Effect of sodium taurocholate on the human gastric mucosa at acid and neutral pH's.

This study was conducted to determine whether taurocholate alters human gastric function and structure at a neutral pH, when ionized, and to contrast this with its effect at an acid intraluminal pH, when pronated. Five fasted healthy subjects were studied on 4 days in random order. Net ion fluxes, mucosal damage (as quantitated endoscopically), and potential difference were measured. The control solution instilled into the stomach in the first, third, and fourth 15-min periods contained 200 ml of 100 mM HCl, 54 mM mannitol, and [14C]polyethylene glycol. Taurocholate (10 mM) was added to the control solution (pH 1.1) or citrate buffer (pH 7.0) during the second 15-min period.
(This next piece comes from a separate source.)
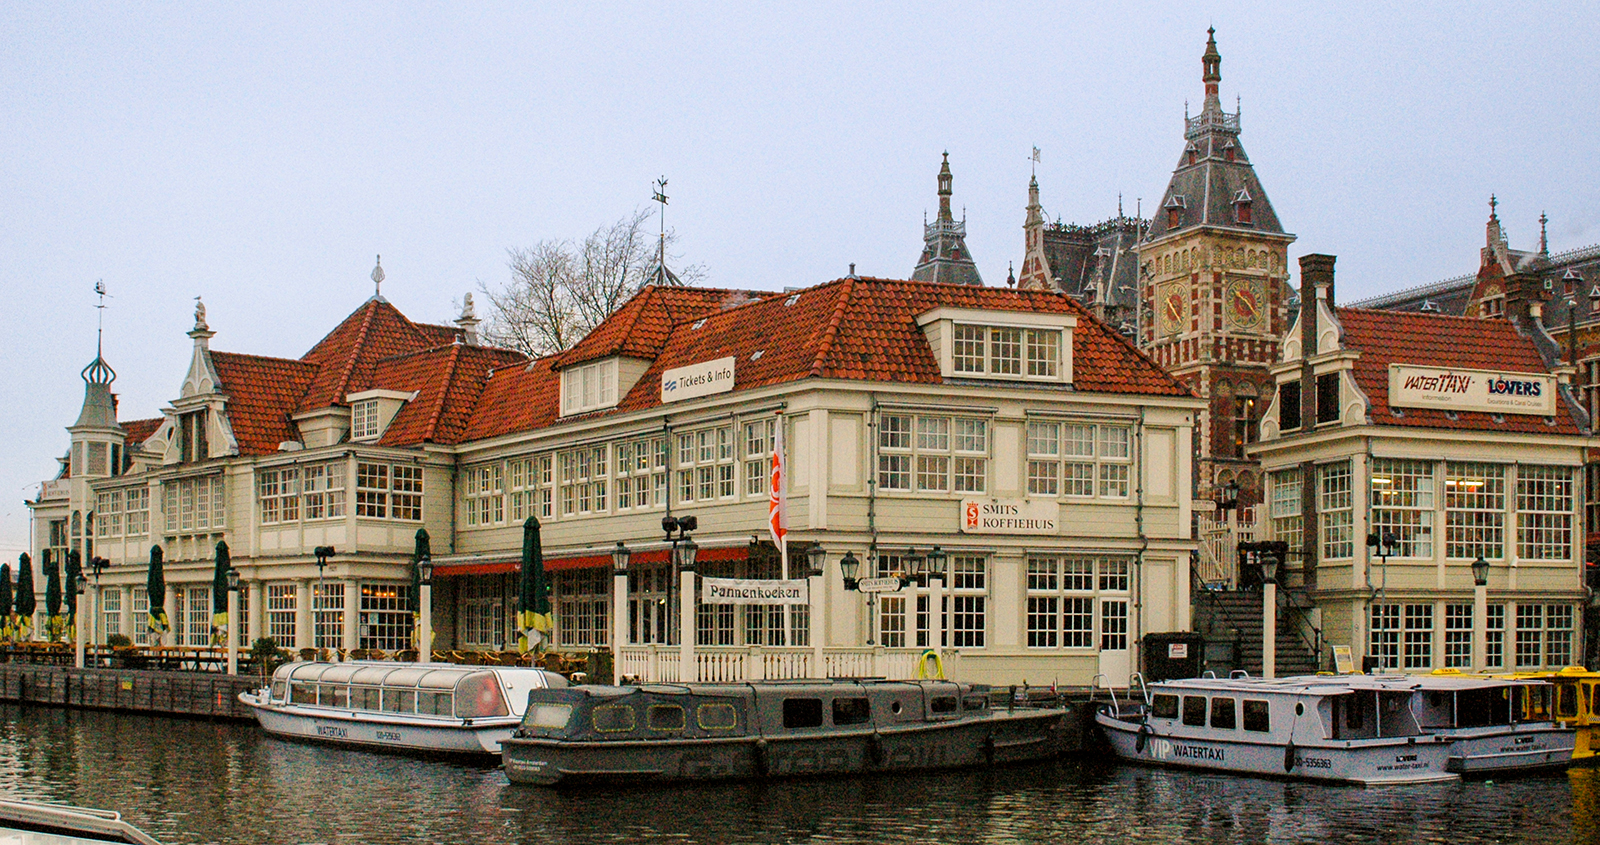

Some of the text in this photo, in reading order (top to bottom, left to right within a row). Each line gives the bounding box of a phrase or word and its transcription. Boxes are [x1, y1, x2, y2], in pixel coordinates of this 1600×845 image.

The effect of citrate buffer alone or control solution alone was also tested. Because hydrogen and sodium fluxes could not be quantitated at pH 7 in the presence of citrate buffer, the net ion fluxes during the 15 min immediately after exposure to the test agent were measured. At both pH 1.1 and 7.0 taurocholate produced similar and significant increases in net hydrogen ion flux (-1.7 +/- 0.4 and -1.8 +/- 0.3 mmol/15 min, respectively), net sodium ion flux (1.8 +/- 0.4 and 1.7 +/- 0.2 mmol/15 min, respectively), decreases in potential difference, and mucosal erosions. The net hydrogen ion fluxes were significantly greater than occurred after citrate buffer alone or the HCl control. The net sodium fluxes after taurocholate in citrate were significantly greater than the pH 1.1 acid control, but not citrate buffer alone. These findings indicate that pronated (pH 1.1) or ionized (pH 7.0) taurocholate significantly damaged the in vivo human gastric mucosa. Taurocholate at pH 7 could in part be responsible for the gastric mucosal injury that occurs in patients with bile reflux gastritis.